Un tool veramente utile per testare la sicurezza del nostro sito wordpress è WPScan. Vediamo come installarlo e come si usa.
Installazione
Per prima cosa, installiamo tutto il necessario, da terminale:
sudo apt-get install git [invio]
sudo apt-get install libcurl4-gnutls-dev libopenssl-ruby libxml2 libxml2-dev libxslt1-dev ruby-dev ruby1.9.3 [invio]
A questo punto possiamo scaricare WPScan:
sudo git clone http://github.com/wpscanteam/wpscan.git [invio]

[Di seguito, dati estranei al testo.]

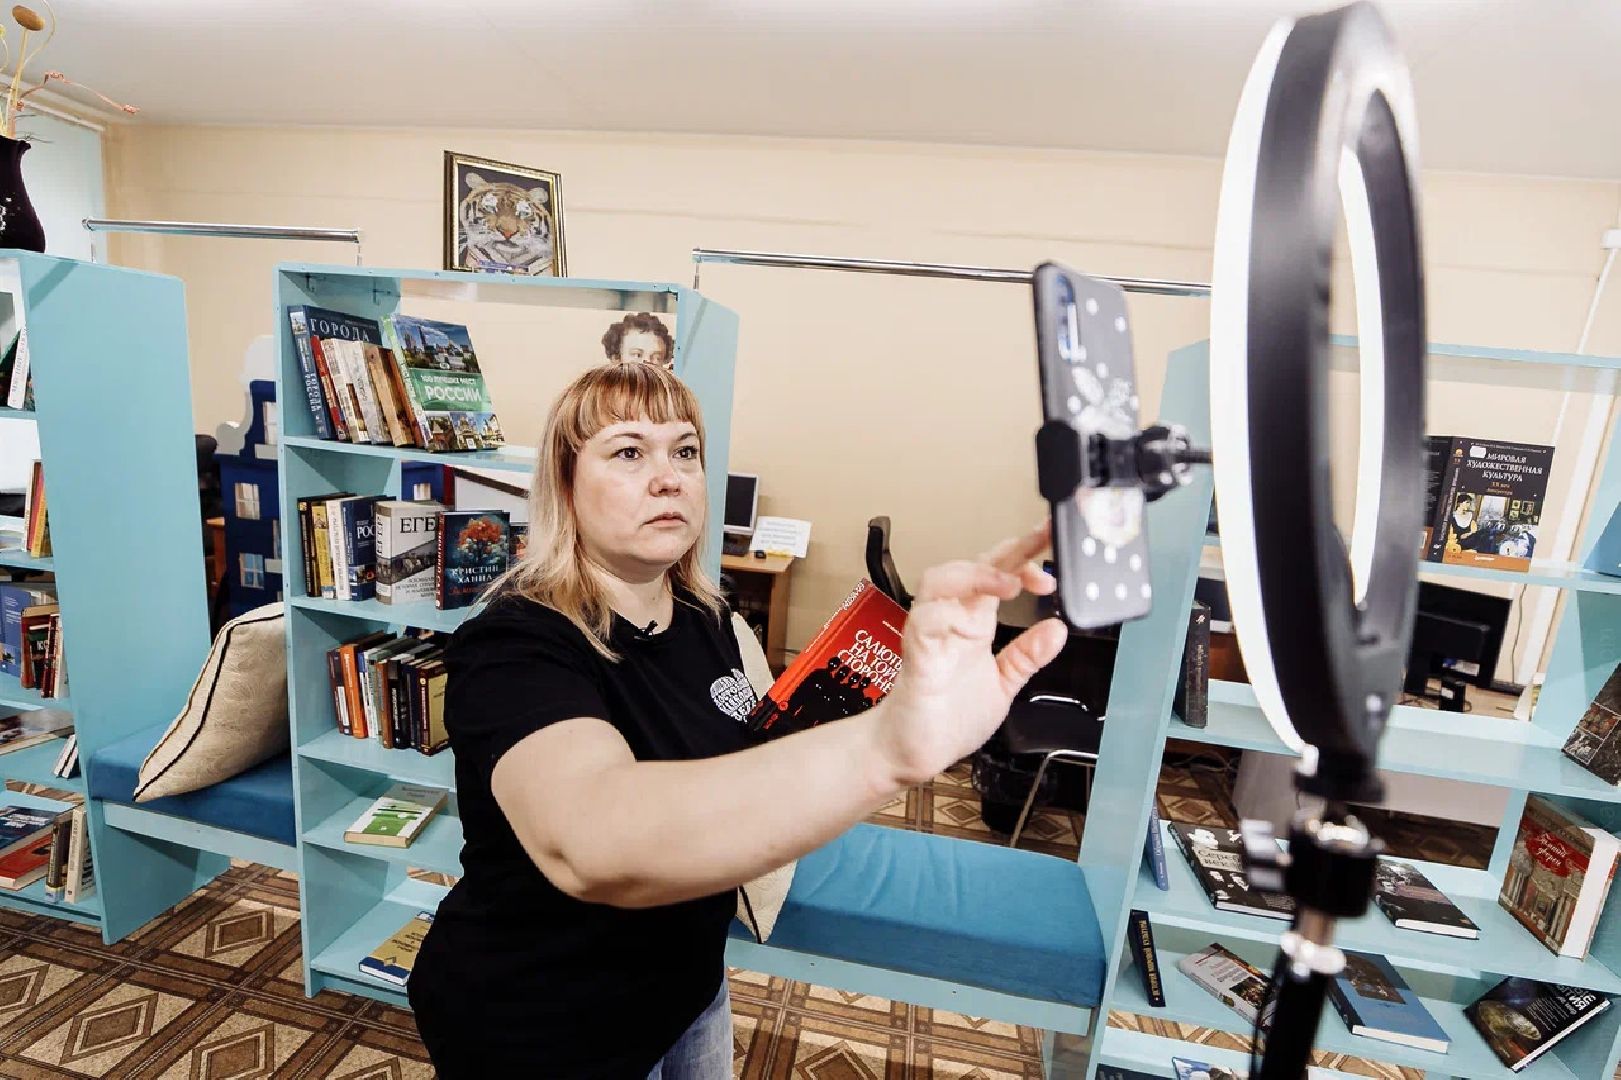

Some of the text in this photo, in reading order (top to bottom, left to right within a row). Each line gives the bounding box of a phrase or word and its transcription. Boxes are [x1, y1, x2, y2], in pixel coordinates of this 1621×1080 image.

[310, 318, 370, 342] ГОРОДА
[424, 385, 482, 402] РОССИИ
[1486, 452, 1527, 464] МИРОВАЯ
[1482, 469, 1523, 482] КУЛЬТУРА
[837, 649, 895, 694] СТОРОНЕ
[849, 642, 898, 681] НА ТОЙ
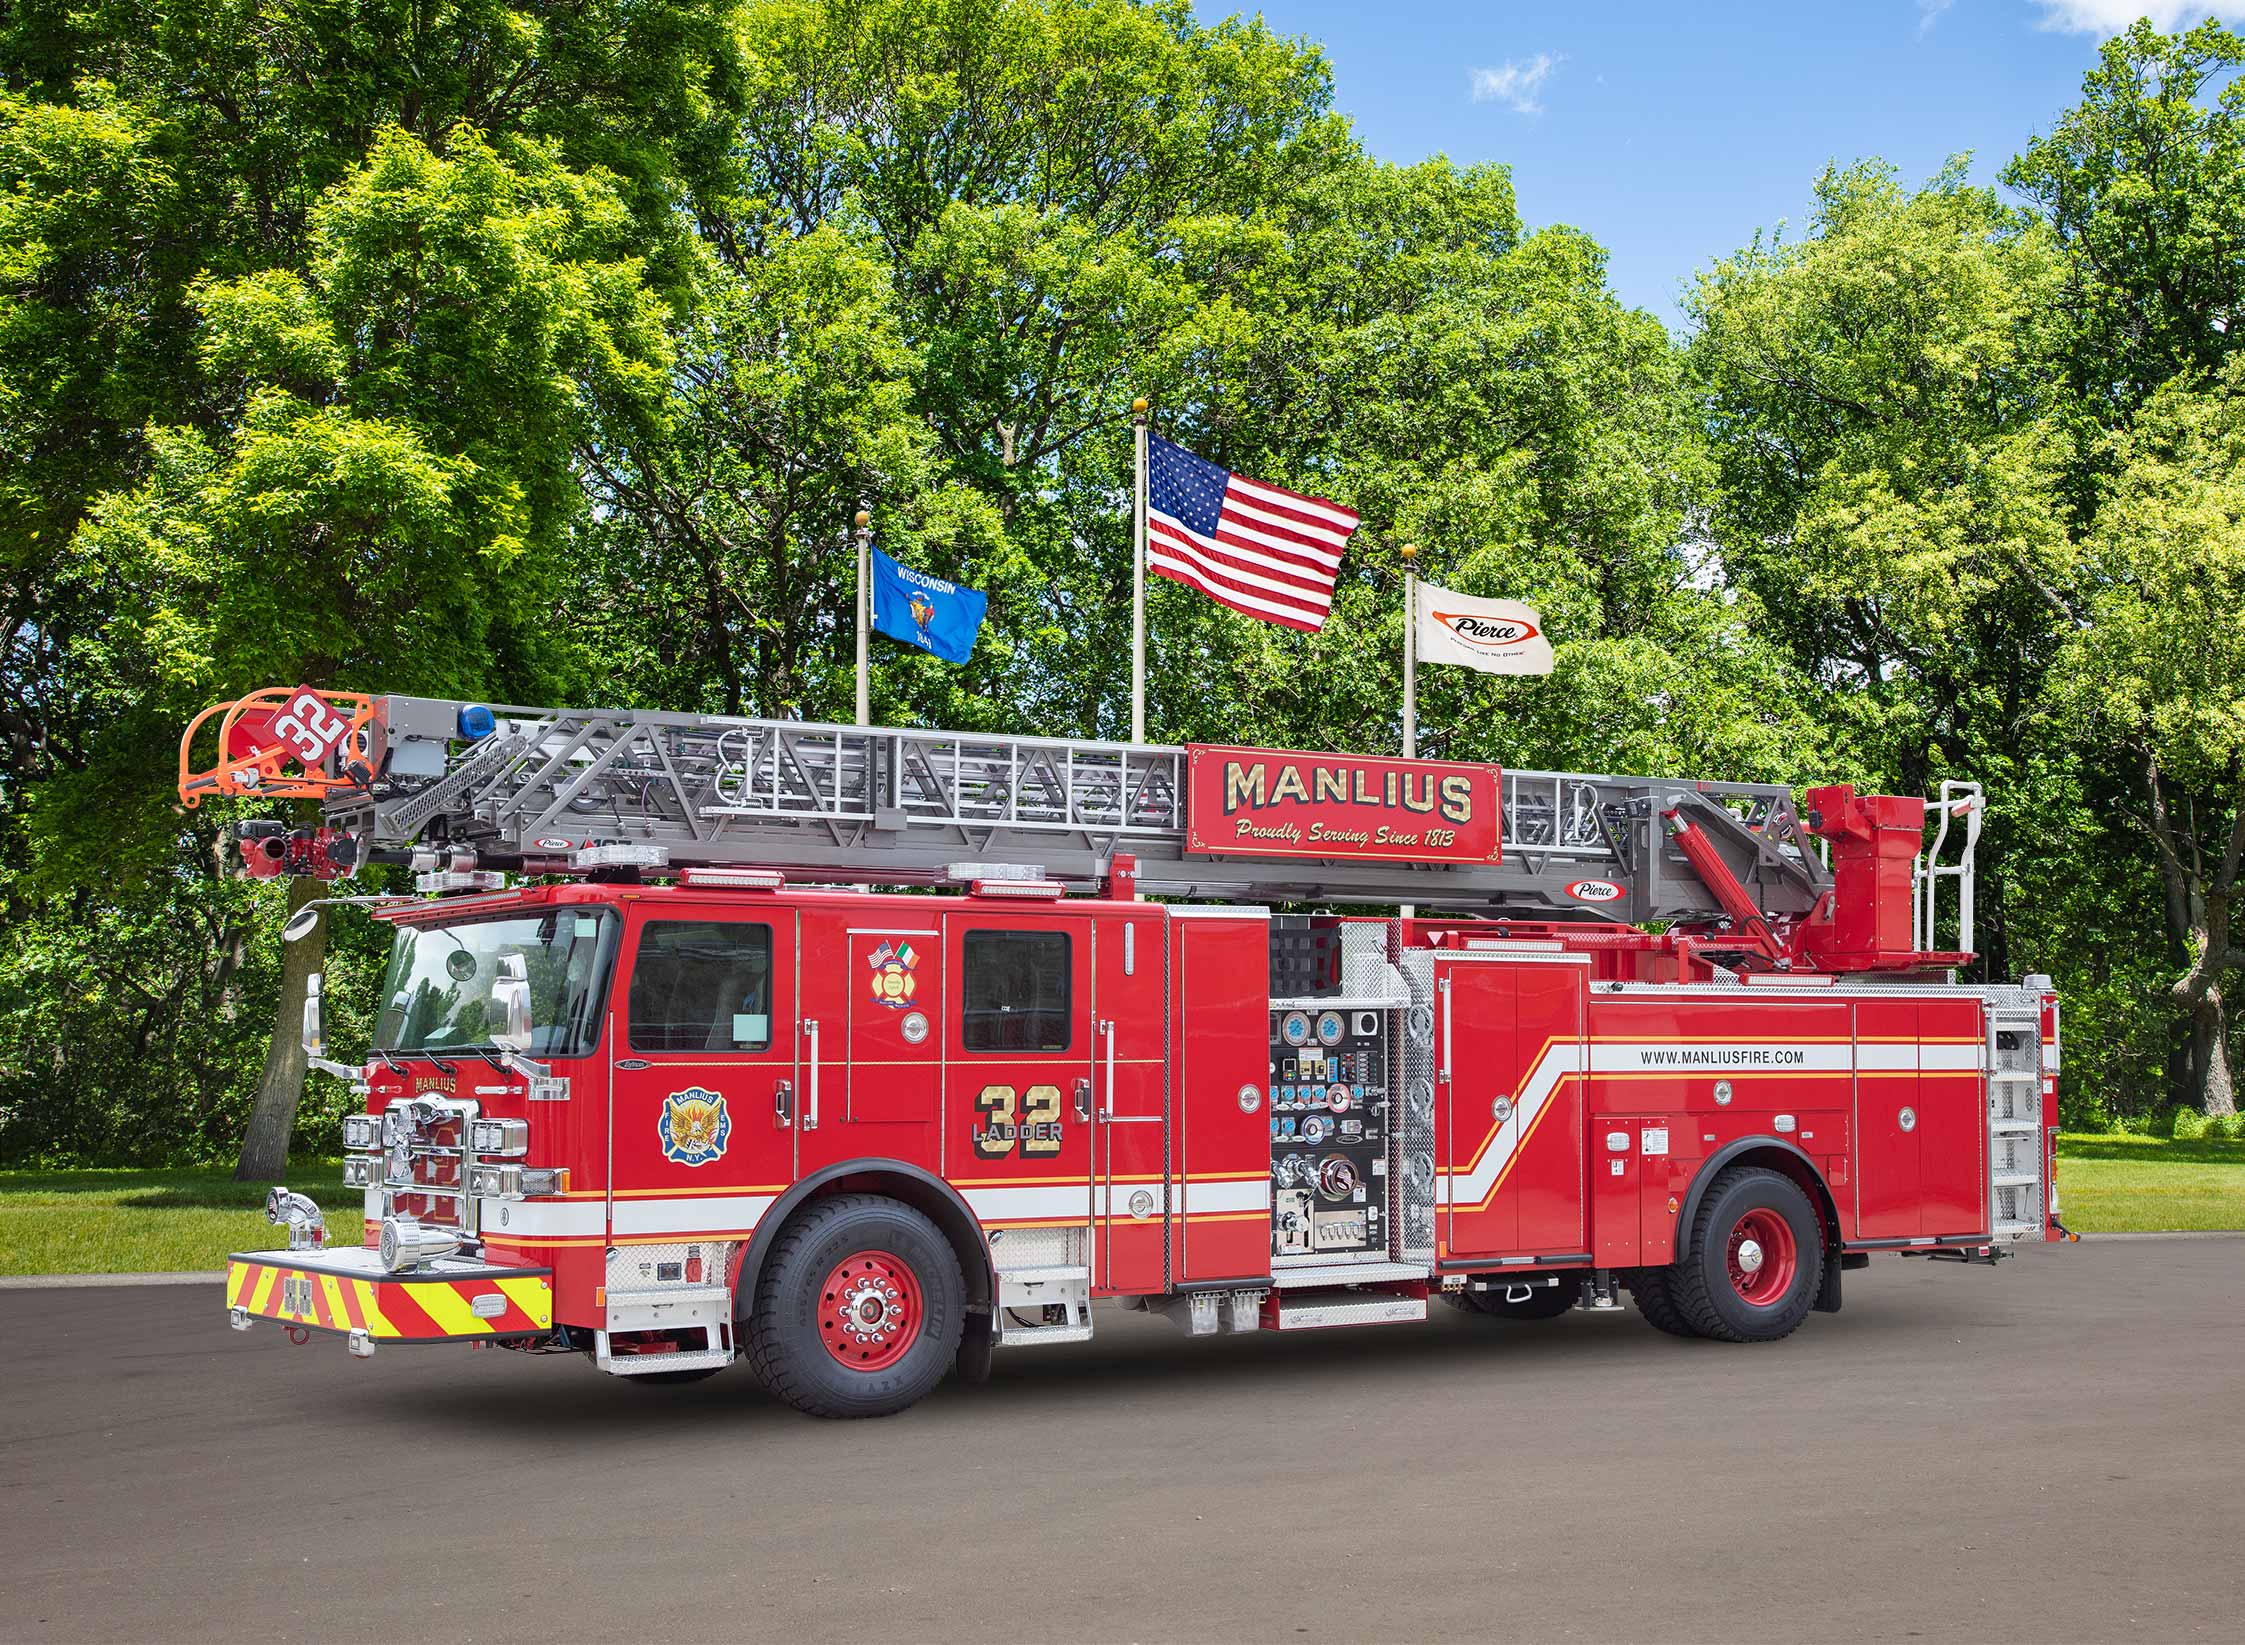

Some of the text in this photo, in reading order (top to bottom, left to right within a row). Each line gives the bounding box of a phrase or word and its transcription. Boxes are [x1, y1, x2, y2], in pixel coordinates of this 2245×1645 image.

[897, 566, 957, 595] WISCONSIN
[1455, 618, 1517, 639] Pierce
[274, 694, 346, 761] 32
[1223, 761, 1472, 825] MANLIUS
[1235, 818, 1455, 848] Proudly Serving Since 1813
[1578, 882, 1613, 896] Pierce
[1640, 1050, 1804, 1065] WWW.MANLIUSFIRE.COM
[415, 1077, 456, 1094] MANLIUS
[676, 1091, 714, 1105] MANLIUS
[972, 1123, 1063, 1142] LADDER
[974, 1084, 1062, 1160] 32
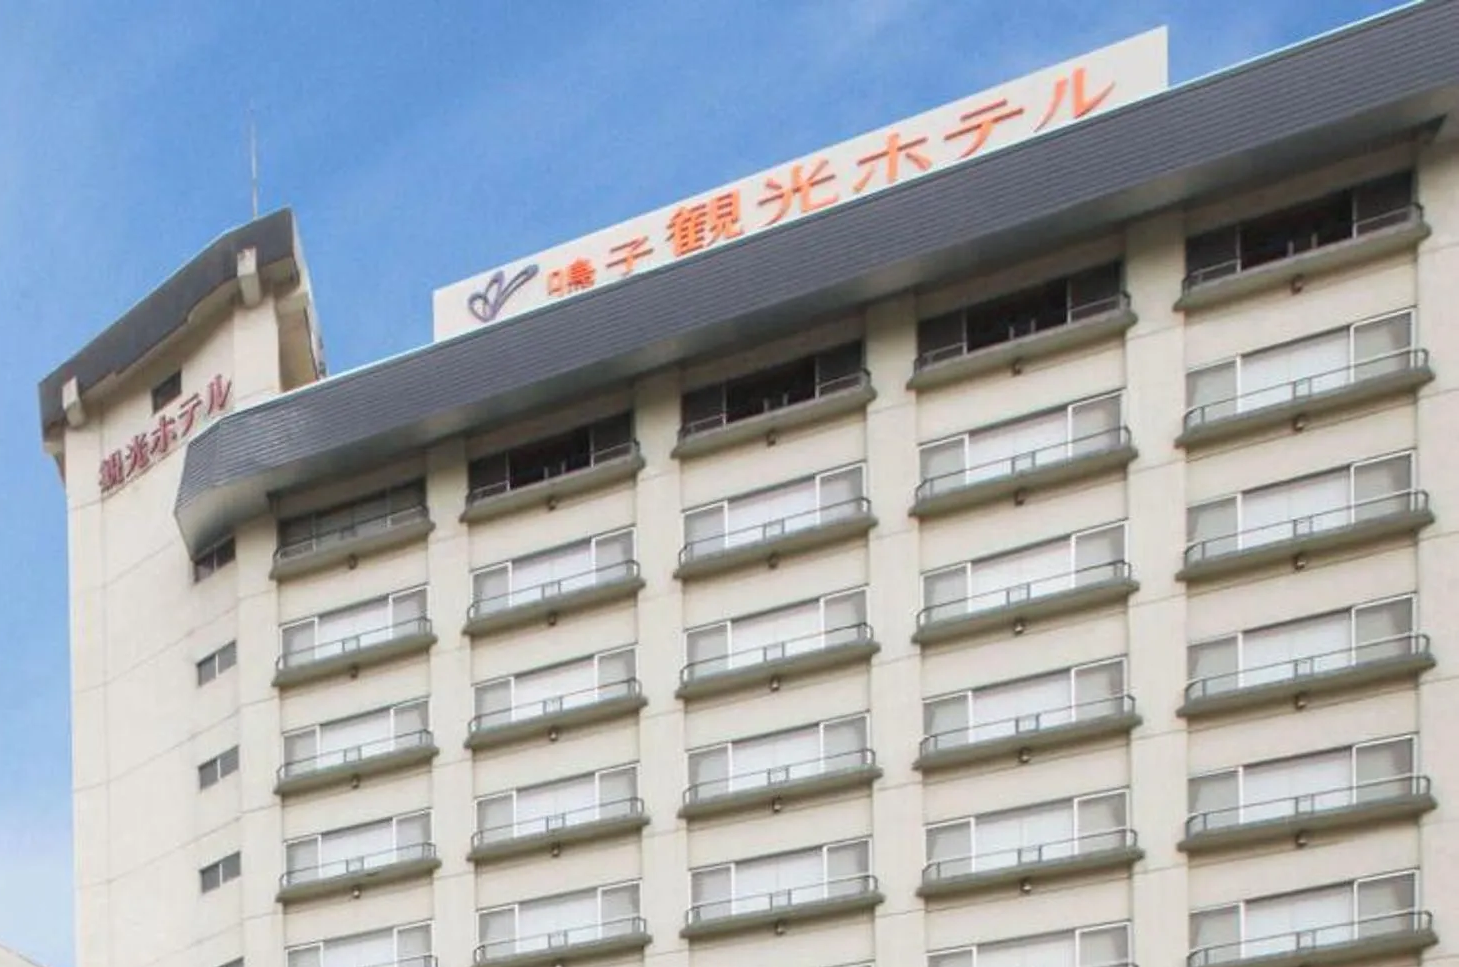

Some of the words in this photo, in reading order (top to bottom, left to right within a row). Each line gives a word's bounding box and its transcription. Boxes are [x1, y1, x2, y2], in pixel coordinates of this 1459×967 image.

[546, 67, 1115, 297] 鳴子観光ホテル
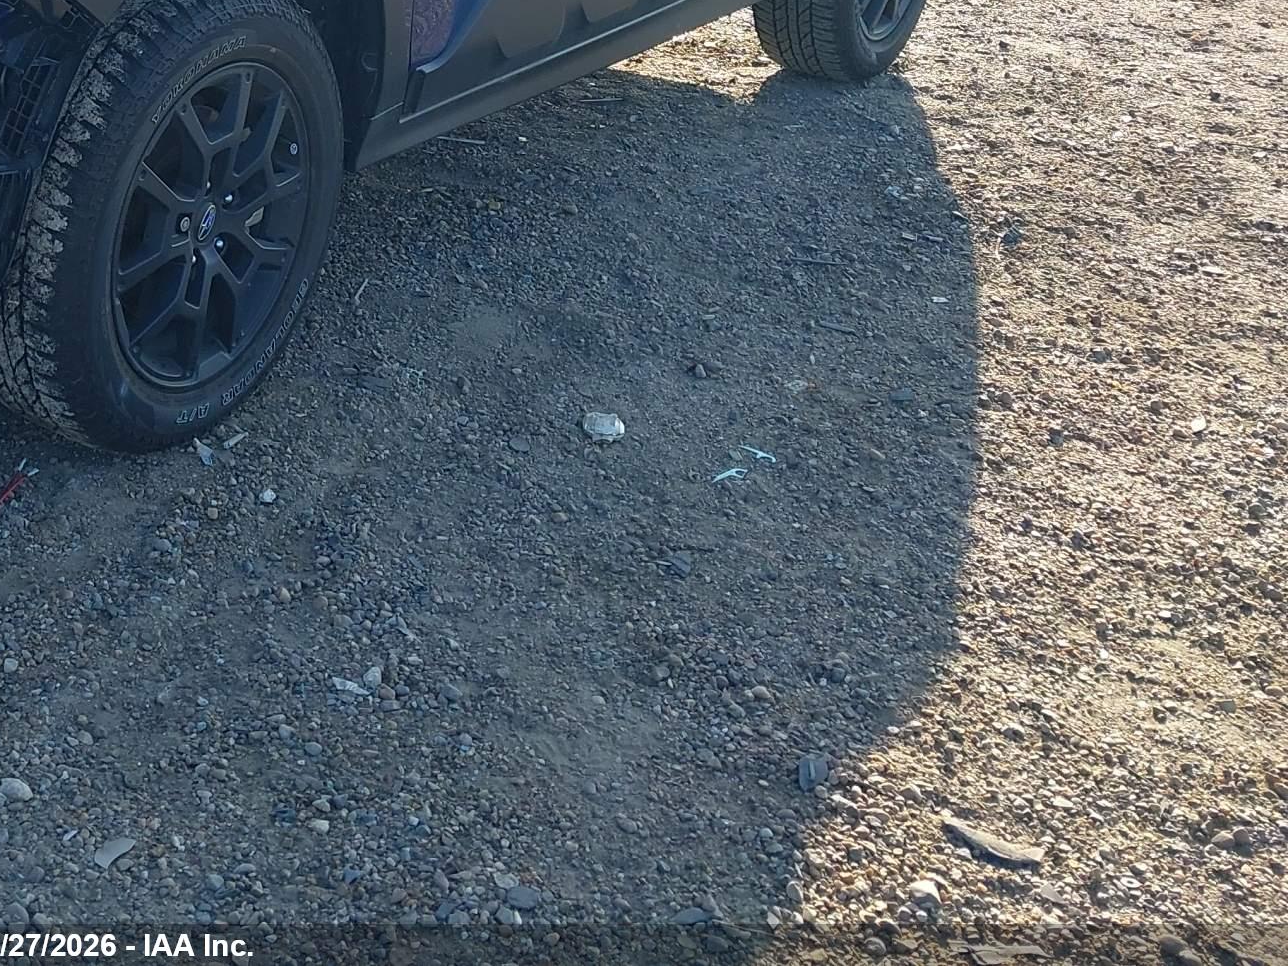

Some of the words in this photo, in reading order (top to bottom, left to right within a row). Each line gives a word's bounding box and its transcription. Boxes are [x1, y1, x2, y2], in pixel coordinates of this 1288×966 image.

[152, 36, 246, 123] YOKOHAMA
[221, 278, 309, 406] GEOLANDAR
[176, 402, 210, 424] A/T

Entriamo nella cartella ed avviamo l’installazione:
cd wpscan [invio]
sudo gem install bundler && bundle install --without test development [invio]
Esempi comuni
Scan WordPress plugins:
ruby wpscan.rb --url http(s)://www.yoursiteurl.com --enumerate p
Scan delle vulnerabilità dei plugin:
ruby wpscan.rb --url http(s)://www.yoursiteurl.com --enumerate vp
Scan temi:
ruby wpscan.rb --url http(s)://www.yoursiteurl.com --enumerate t
Scan vulnerabilità dei temi:
ruby wpscan.rb --url http(s)://www.yoursiteurl.com --enumerate vt
Scan user accounts:
ruby wpscan.rb --url http(s)://www.yoursiteurl.com --enumerate u
Scan for timthumb installations:
ruby wpscan.rb --url http(s)://www.yoursiteurl.com --enumerate tt
Update wpscan:
ruby wpscan.rb --update
Abbiamo finito! Buon Lavoro 😀